Солнце было его «пунктом», его идолом, отражения которого он с экстазом искал в золоте лучей, сжигающих землю», — утверждает де ла Фай 36.
Ван Гог имел все основания считать одной из причин своей болезни действие палящих солнечных лучей, которых он не только не остерегался, но воздействие которых на свою нервную систему считал необходимым условием подлинности своего цветовидения.

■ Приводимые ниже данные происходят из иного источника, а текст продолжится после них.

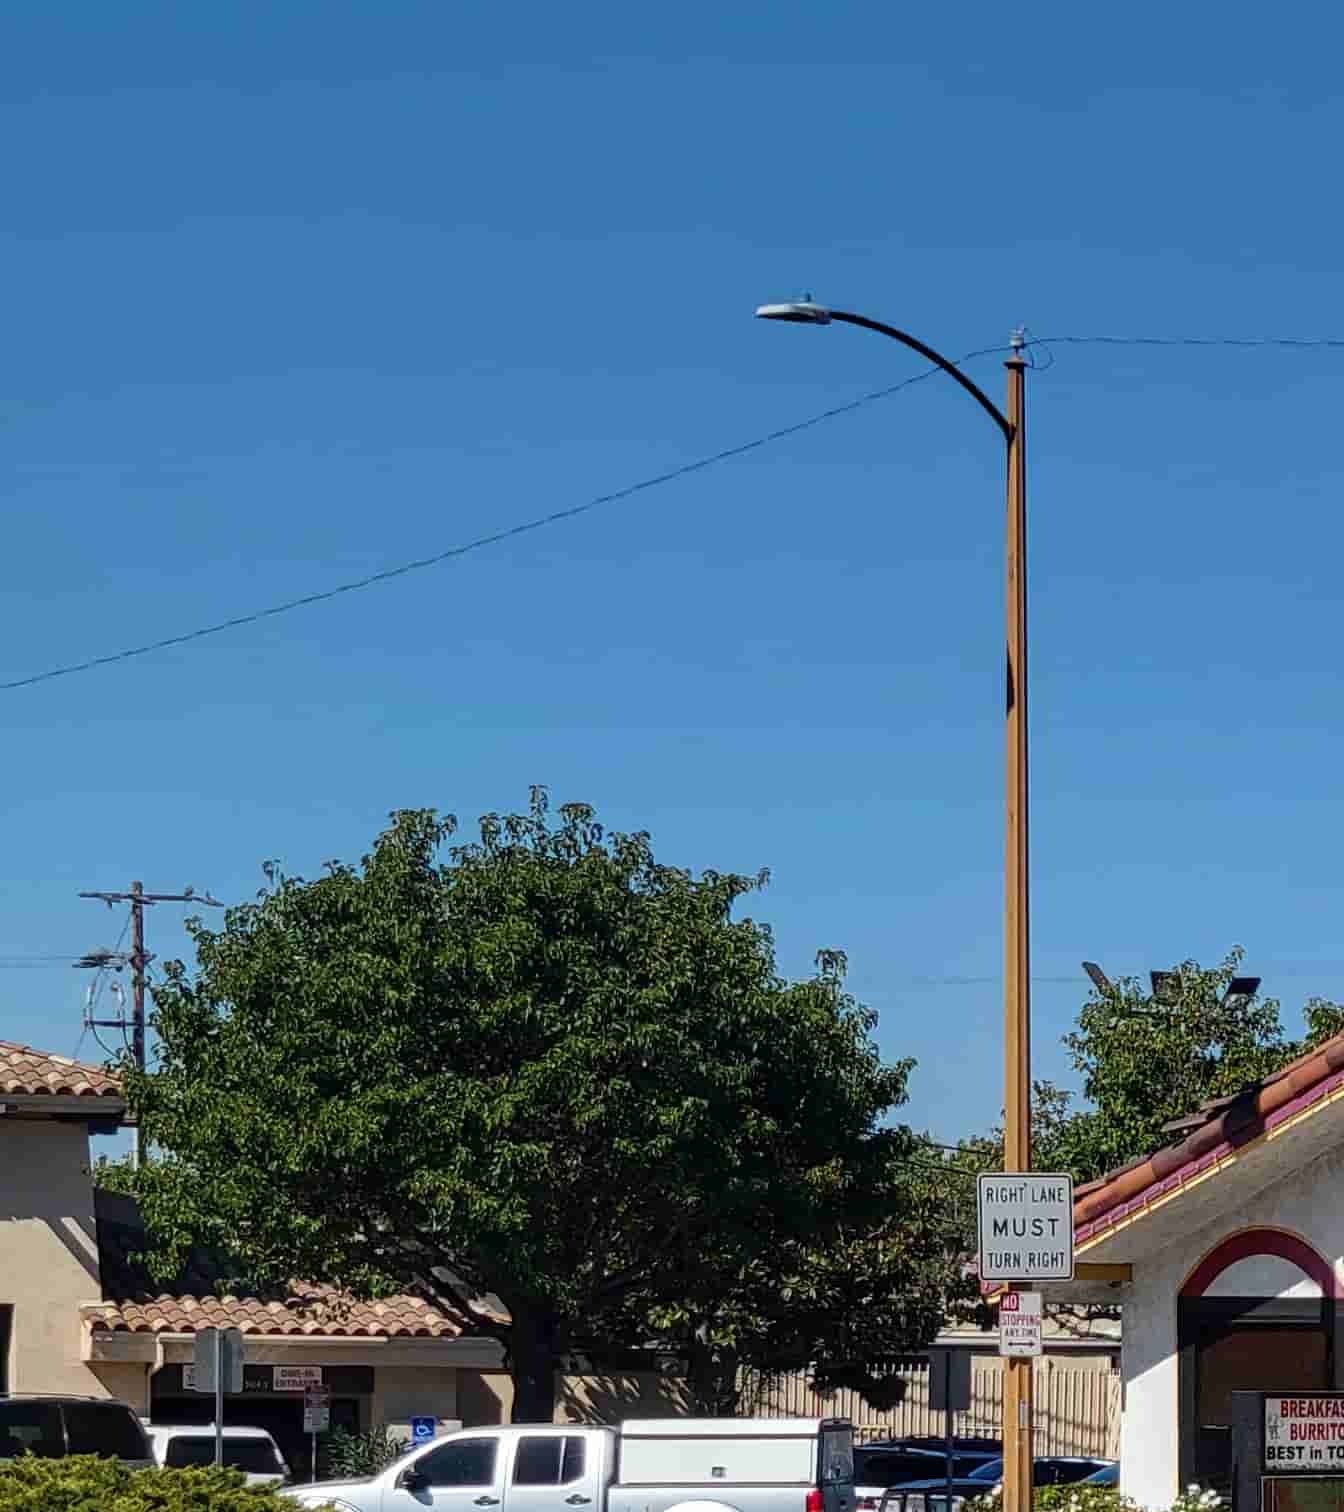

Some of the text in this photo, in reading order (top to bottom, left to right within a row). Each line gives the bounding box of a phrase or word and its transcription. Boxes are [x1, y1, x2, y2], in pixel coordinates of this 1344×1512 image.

Да, горение живительных красок стоит ему многого. Возрождая живопись, Ван Гог вступает в совсем нешуточное соперничество с солнцем, которое день ото дня становится, по определению Мейера-Грефе, настоящим «демоном его драмы». Гибельность этой идентификации художника со светилом составляет сокровенный смысл автопортрета, название которого «Этюд со свечой» (F476a, Лос-Анджелес, частное собрание), написанное самим художником, вопреки его обычаю, в правом углу полотна, как будто призвано завуалировать истинную подоплеку изображения. Меньше всего эти полыхающие краски напоминают свет свечи, стоящей позади модели. Композиция портрета построена таким образом, что голова изображенного воспринимается как источник этого таинственного сияния, наполняющего картину настоящей радиацией цветовых волн — от интенсивно-желтых, оранжевых и до «кроваво-красных». Если Эжена Боша Ван Гог трансформировал в одинокую звезду на темной лазури, то себя он представил «похожим на японца» (В. 7) 37, излучающим, подобно самому солнцу, огонь и свет. Однако этот огневоздух являет собой не отблески арльских восходов и закатов, и даже не «жар души», а мученический символ самосожжения, на которое обрек себя этот солнцепоклонник: «Чем уродливее, старее, злее, больнее и беднее я становлюсь, — пишет он в связи с этим портретом Виллемине, — тем больше я стремлюсь исправить свои ошибки, чтобы сделать мои краски еще более светящимися, гармоничными, сияющими» 38. И он подчеркивает в изображенном лице с косо посаженными глазами сумрачную усталость, выражение обреченности.